WHAT YOU SHOULD DO:
For this exercise, reproduce each entry below exactly, excluding pictures.

(Data records)
Segment Open

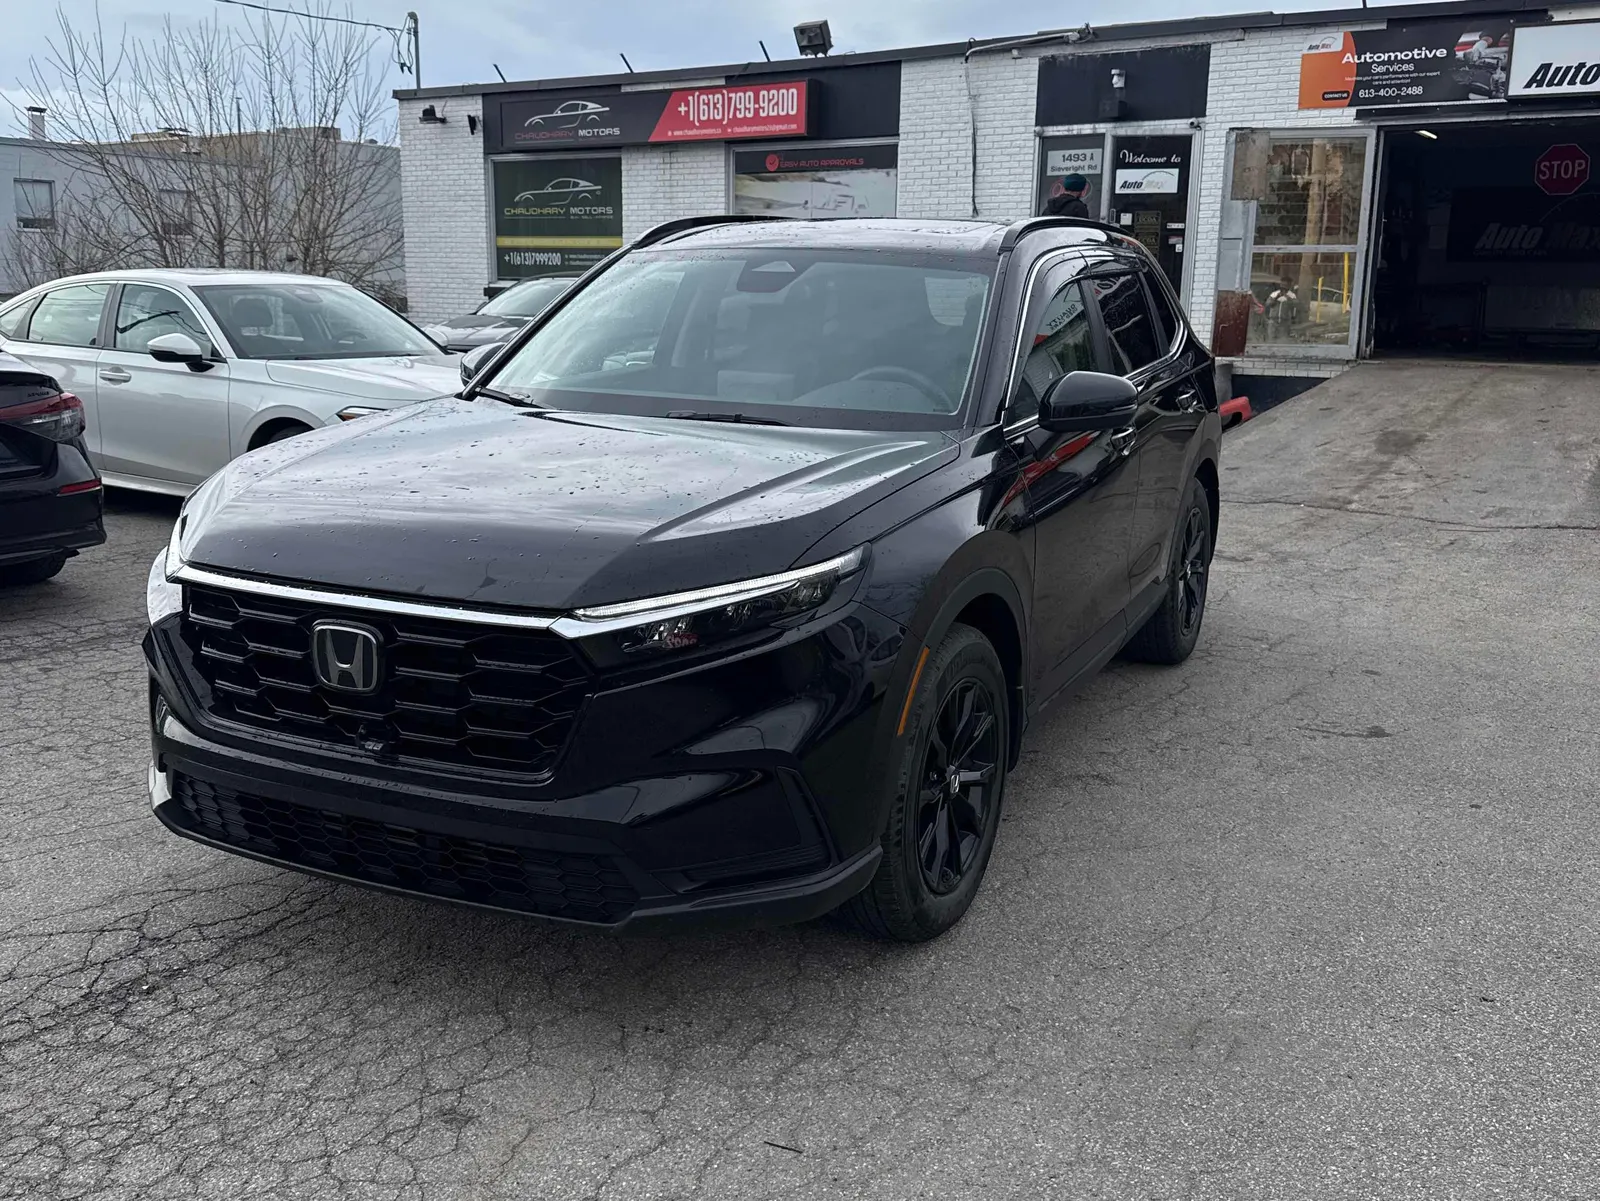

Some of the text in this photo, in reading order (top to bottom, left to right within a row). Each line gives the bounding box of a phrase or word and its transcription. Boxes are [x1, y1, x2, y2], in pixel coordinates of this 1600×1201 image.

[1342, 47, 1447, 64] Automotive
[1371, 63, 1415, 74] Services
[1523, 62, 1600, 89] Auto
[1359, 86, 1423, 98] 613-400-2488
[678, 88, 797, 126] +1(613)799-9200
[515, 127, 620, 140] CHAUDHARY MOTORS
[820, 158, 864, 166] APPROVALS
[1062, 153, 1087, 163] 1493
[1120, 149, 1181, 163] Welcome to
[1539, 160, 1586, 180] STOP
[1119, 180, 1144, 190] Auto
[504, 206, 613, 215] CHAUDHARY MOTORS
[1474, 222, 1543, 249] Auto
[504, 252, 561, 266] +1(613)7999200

Segment Closed

THE COMPLETED TASK:
Some of the text in this photo, in reading order (top to bottom, left to right within a row). Each line gives the bounding box of a phrase or word and its transcription. Boxes are [x1, y1, x2, y2], in pixel coordinates of this 1600×1201 image.

[1342, 47, 1447, 64] Automotive
[1371, 63, 1415, 74] Services
[1523, 62, 1600, 89] Auto
[1359, 86, 1423, 98] 613-400-2488
[678, 88, 797, 126] +1(613)799-9200
[515, 127, 620, 140] CHAUDHARY MOTORS
[820, 158, 864, 166] APPROVALS
[1062, 153, 1087, 163] 1493
[1120, 149, 1181, 163] Welcome to
[1539, 160, 1586, 180] STOP
[1119, 180, 1144, 190] Auto
[504, 206, 613, 215] CHAUDHARY MOTORS
[1474, 222, 1543, 249] Auto
[504, 252, 561, 266] +1(613)7999200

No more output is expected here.